Germany and Malta: Bilateral Relations Malta

24.02.2020 - Article

Germany and Malta established diplomatic relations in 1965, shortly after Malta gained independence. Malta has been an EU Member State since 1 May 2004.

The country has a very open market economy. Germany is one of its most important economic and trading partners. Some 60 German companies currently operate in Malta, including many manufacturing companies that serve international markets. At the end of 2017, German direct investment in Malta stood at approximately 13.5 billion euros. In 2018, bilateral trade volume between Malta and Germany increased by around 4% to 440 million euros as regards imports, while Maltese exports to Germany rose by 4.5% to 421 million euros.

The service sector drives growth in the Maltese economy, with financial services, online gambling, information and communications technology, and tourism playing the most important roles. With an unemployment rate of 3.3%, there is virtually full employment in Malta. The country’s ongoing shortage of skilled workers is offset by the recruitment of staff from EU Member States and third countries.
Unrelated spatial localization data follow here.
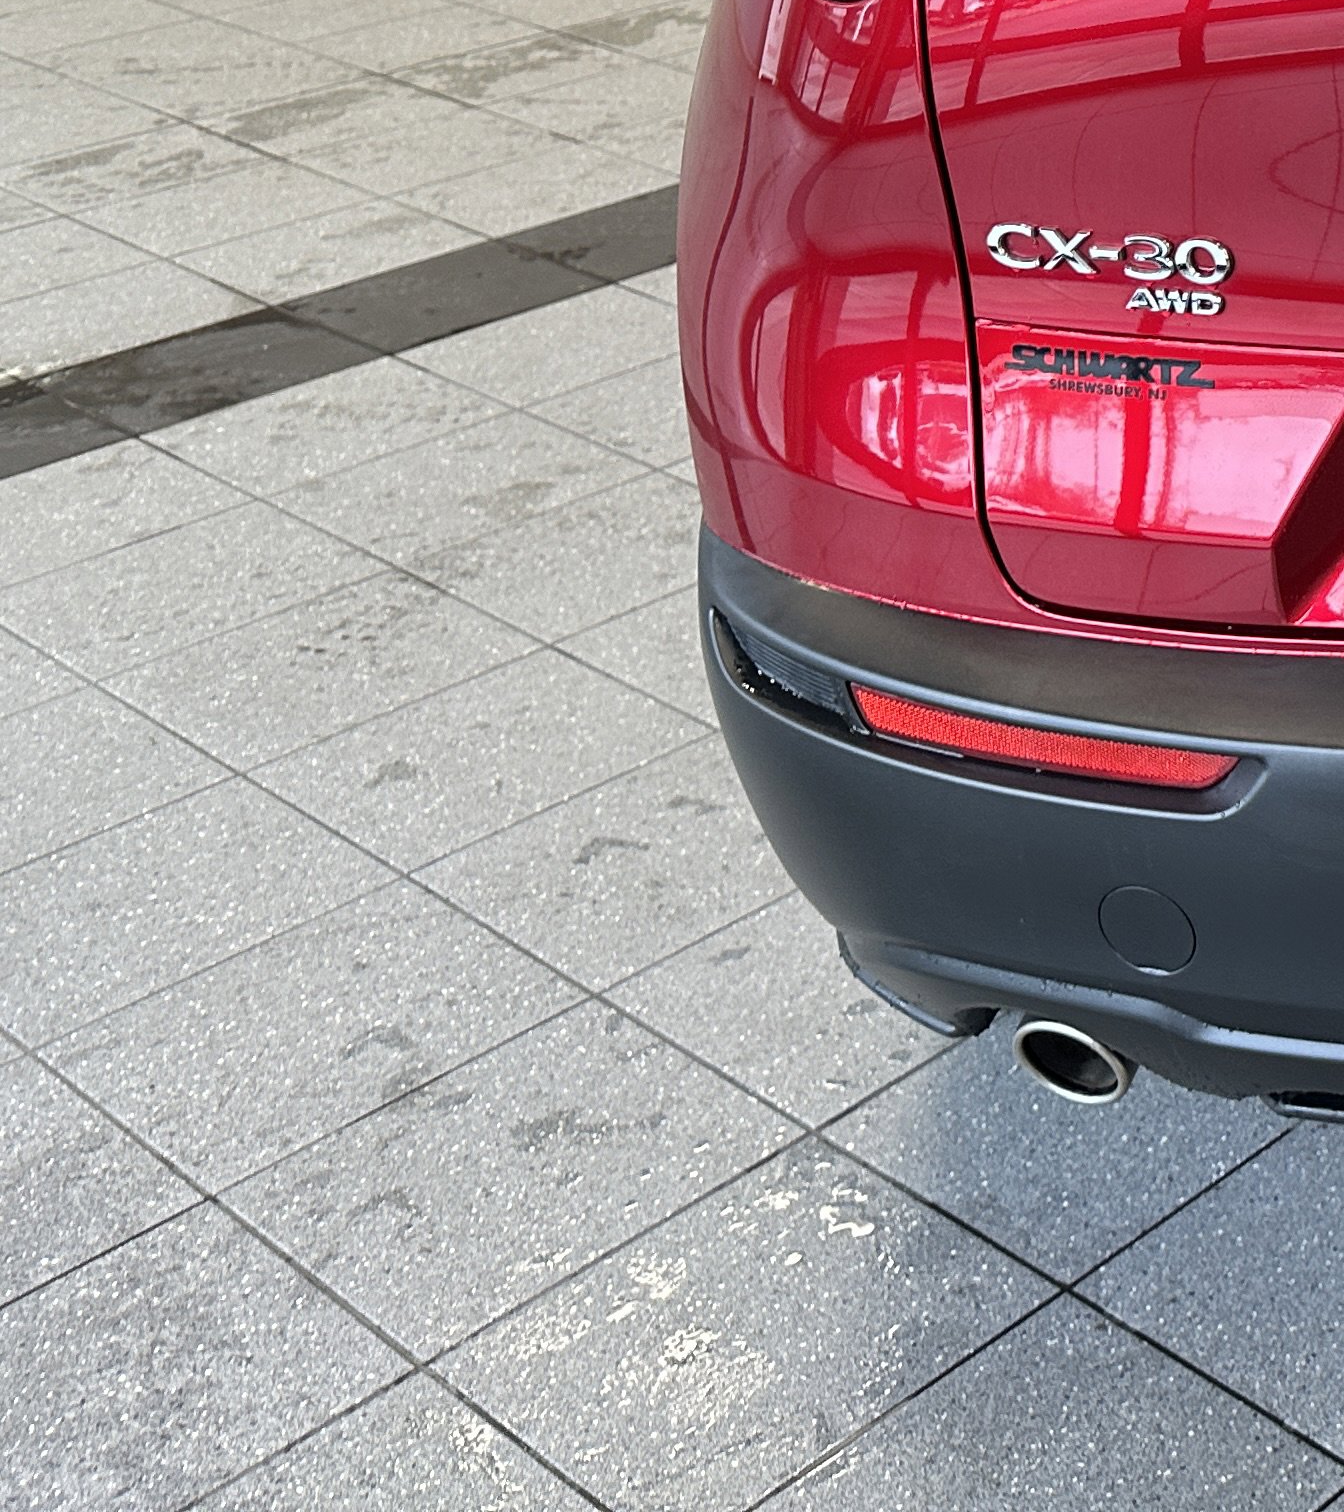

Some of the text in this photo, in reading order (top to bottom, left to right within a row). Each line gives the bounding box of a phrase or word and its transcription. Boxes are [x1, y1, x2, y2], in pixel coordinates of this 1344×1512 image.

[986, 222, 1234, 286] CX-30
[1125, 287, 1225, 317] AWD
[1004, 343, 1216, 390] SCHWARTZ
[1049, 378, 1168, 401] SHREWSBURY, NJ
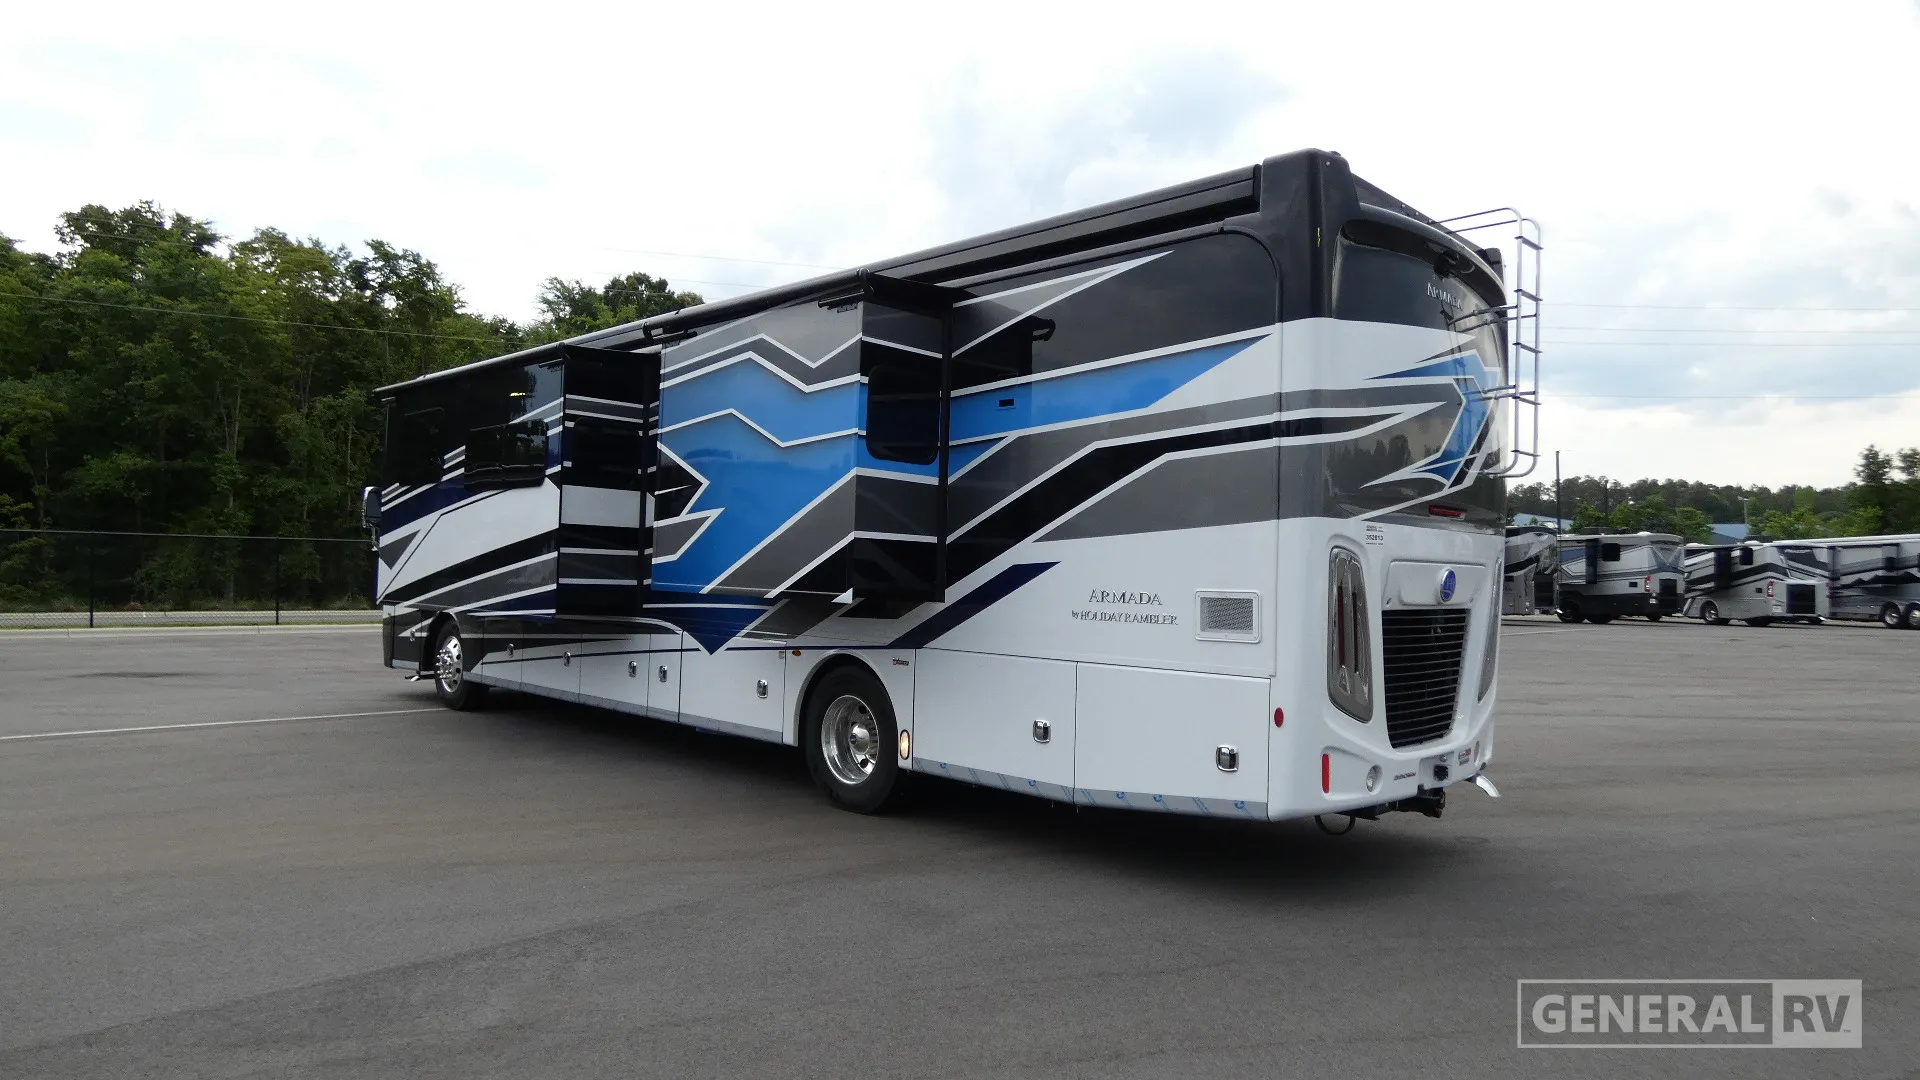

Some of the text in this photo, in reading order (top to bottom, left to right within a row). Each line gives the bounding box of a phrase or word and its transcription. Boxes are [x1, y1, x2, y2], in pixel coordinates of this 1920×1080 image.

The number of employees from outside Malta has grown significantly to 50,000, accounting for almost 30% of all private-sector employees. As a result, the country’s population has risen to 500,000.

Approximately 2.6 million tourists visited Malta in 2018, over 300,000 more than in the previous year. Around 9% of these visitors came from Germany. English-language courses are popular in Malta. There were also a further 633,000 tourists from cruise ships, 15% of whom were from Germany.
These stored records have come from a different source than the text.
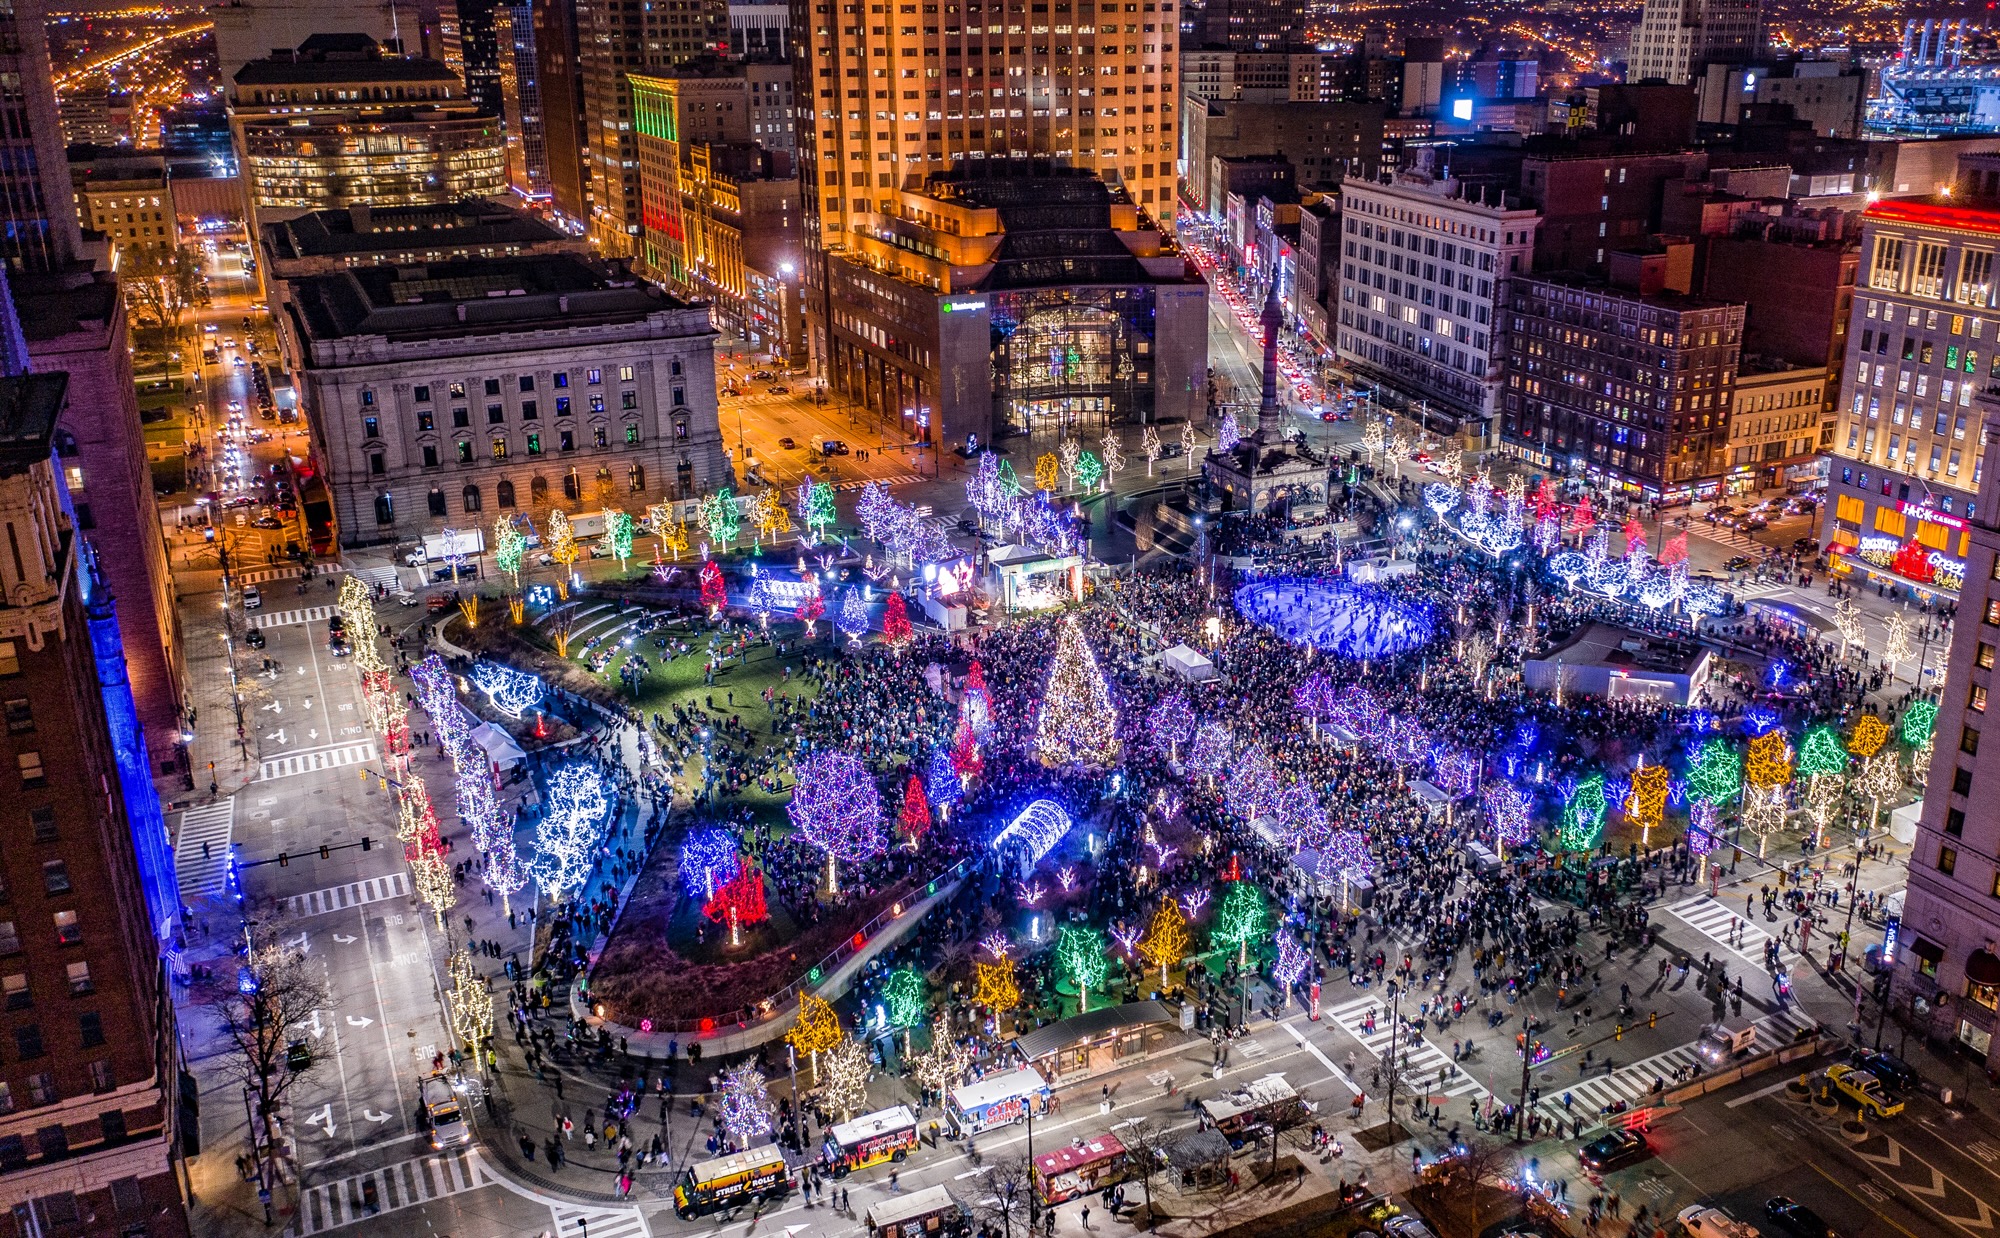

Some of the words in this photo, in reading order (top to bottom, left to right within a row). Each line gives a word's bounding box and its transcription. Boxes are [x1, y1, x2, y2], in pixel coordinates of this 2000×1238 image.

[1745, 431, 1806, 445] SOUTHWORTH
[1902, 502, 1932, 523] JACK
[327, 663, 347, 672] ONLY
[338, 703, 353, 711] BUS
[340, 726, 362, 736] ONLY
[385, 914, 403, 927] BUS
[391, 952, 418, 968] ONLY
[415, 1045, 436, 1061] BUS
[987, 1100, 1022, 1117] GYRO
[987, 1111, 1022, 1125] GEORGE
[869, 1143, 886, 1155] TACO
[887, 1138, 908, 1150] TRUCK
[715, 1185, 743, 1198] STREET
[752, 1175, 776, 1187] ROLLS
The German-Maltese Circle has fostered cultural relations between Malta and Germany since 1962. It offers language classes and organises events such as exhibitions, film screenings and concerts, thus filling the gap caused by the absence of a Goethe-Institut in the country.

There are also a number of joint projects between the University of Malta and the Malta College of Arts, Science and Technology with various German educational institutions. Since the 2009/10 winter semester, the Federal Foreign Office has funded a German Chair in Peace and Conflict Prevention at the University of Malta’s Mediterranean Academy of Diplomatic Studies (MEDAC).